ENTRIES SUPPLIED
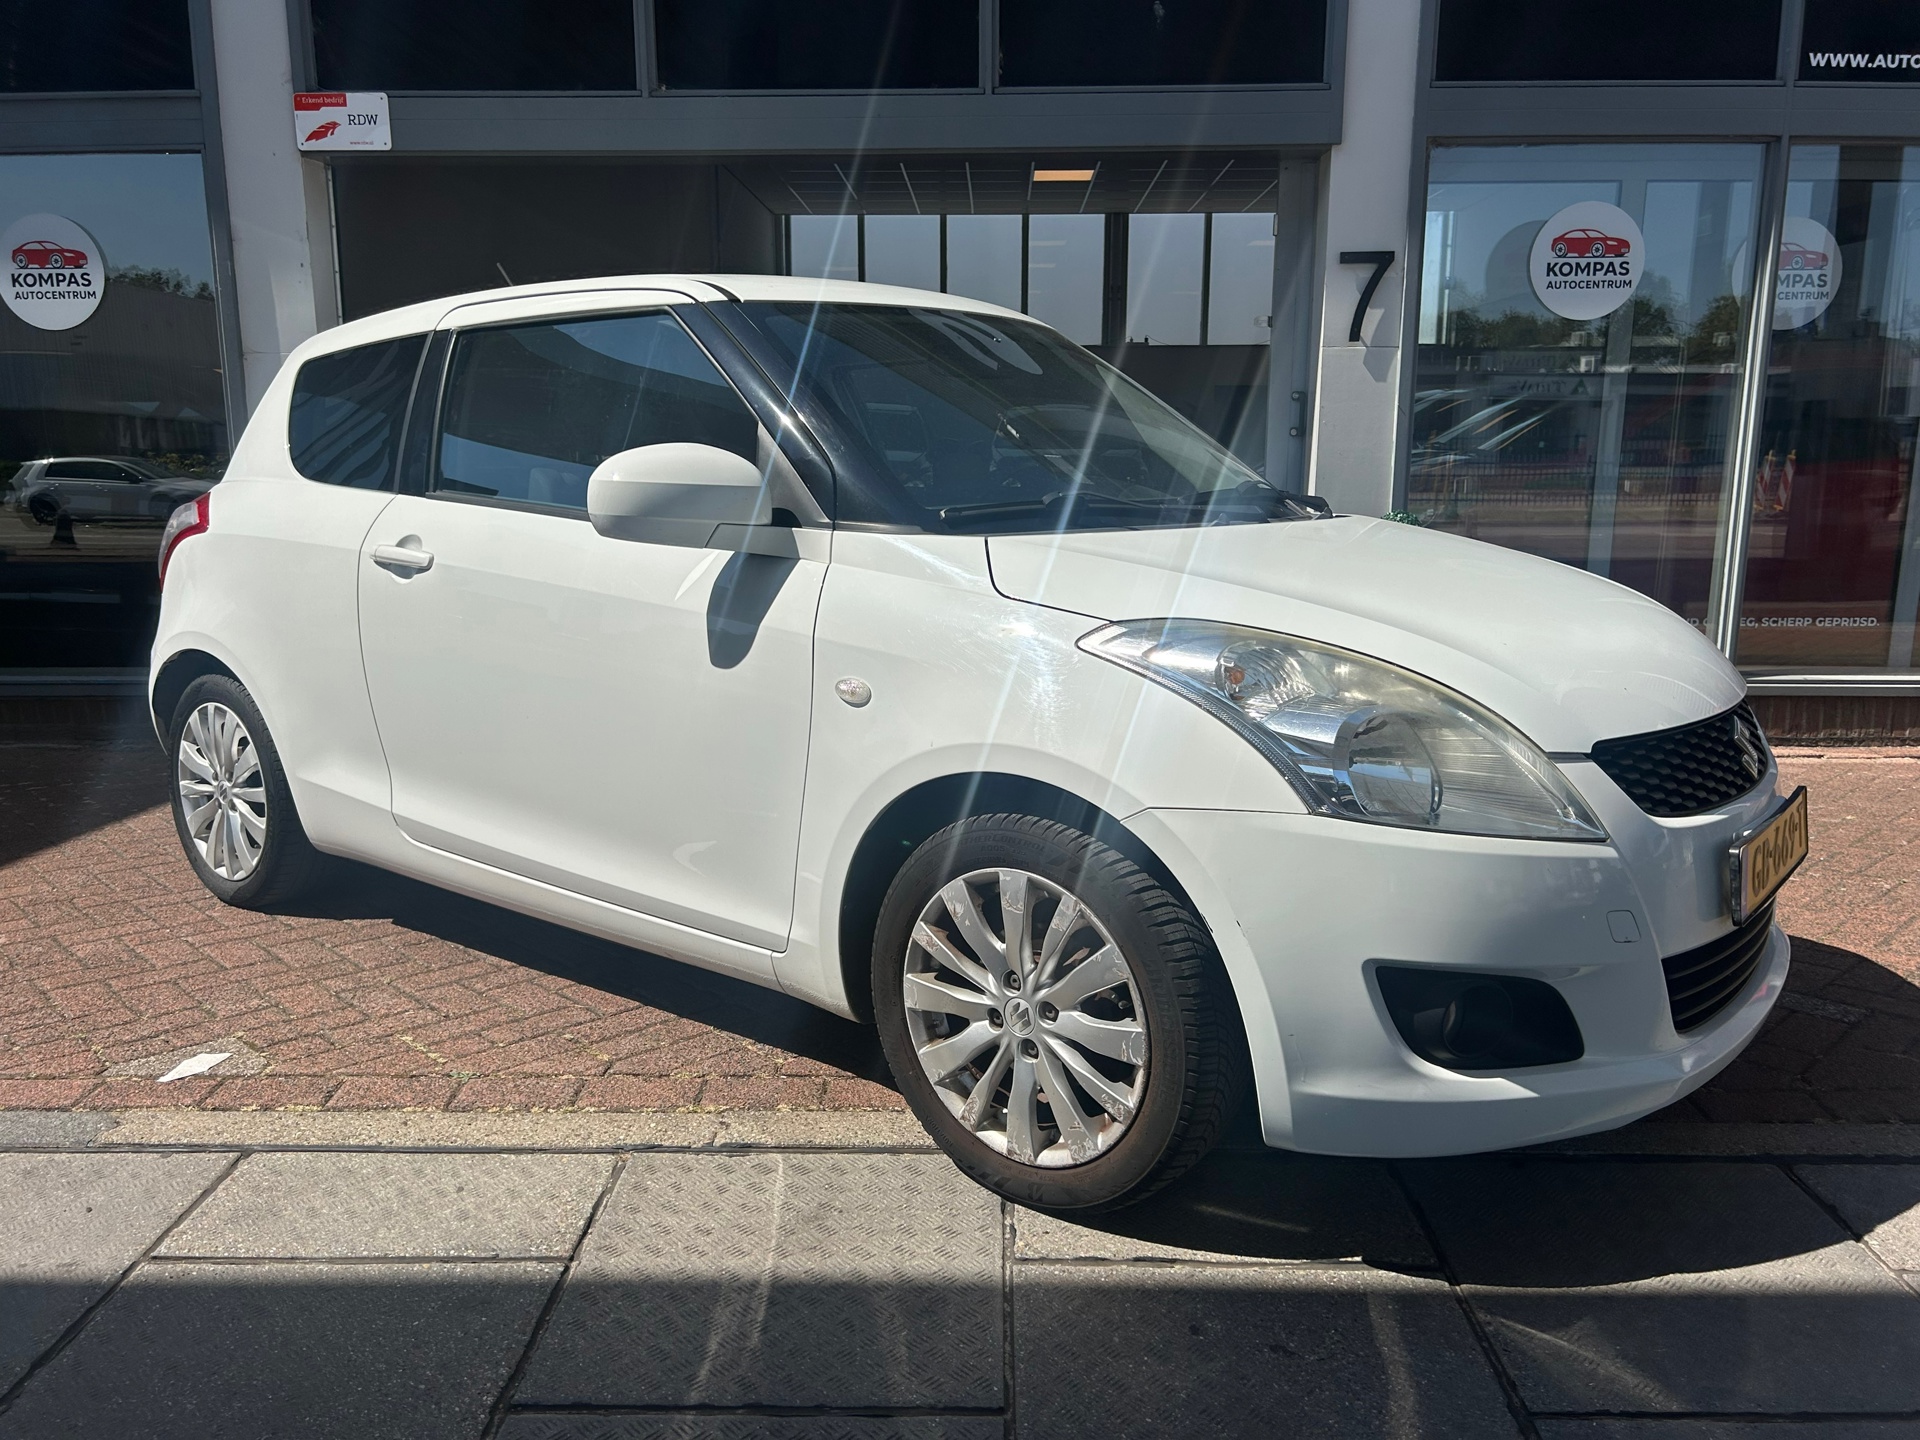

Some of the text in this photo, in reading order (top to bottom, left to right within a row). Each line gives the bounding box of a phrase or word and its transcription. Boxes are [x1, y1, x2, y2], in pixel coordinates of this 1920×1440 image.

[301, 96, 344, 105] Erkend bedrijf
[347, 114, 378, 126] RDW
[1546, 261, 1631, 277] KOMPAS
[11, 272, 92, 288] KOMPAS
[1546, 279, 1632, 290] AUTOCENTRUM
[1777, 273, 1828, 288] MPAS
[14, 290, 97, 300] AUTOCENTRUM
[1339, 250, 1396, 343] 7
[1777, 291, 1829, 300] CENTRUM
[1761, 617, 1813, 627] SCHERP
[1815, 617, 1880, 627] GEPRIJSD.

PROMPT
The entries above, without their pictures, should be written out exactly.

WRITTEN RESPONSE
Some of the text in this photo, in reading order (top to bottom, left to right within a row). Each line gives the bounding box of a phrase or word and its transcription. Boxes are [x1, y1, x2, y2], in pixel coordinates of this 1920×1440 image.

[301, 96, 344, 105] Erkend bedrijf
[347, 114, 378, 126] RDW
[1546, 261, 1631, 277] KOMPAS
[11, 272, 92, 288] KOMPAS
[1546, 279, 1632, 290] AUTOCENTRUM
[1777, 273, 1828, 288] MPAS
[14, 290, 97, 300] AUTOCENTRUM
[1339, 250, 1396, 343] 7
[1777, 291, 1829, 300] CENTRUM
[1761, 617, 1813, 627] SCHERP
[1815, 617, 1880, 627] GEPRIJSD.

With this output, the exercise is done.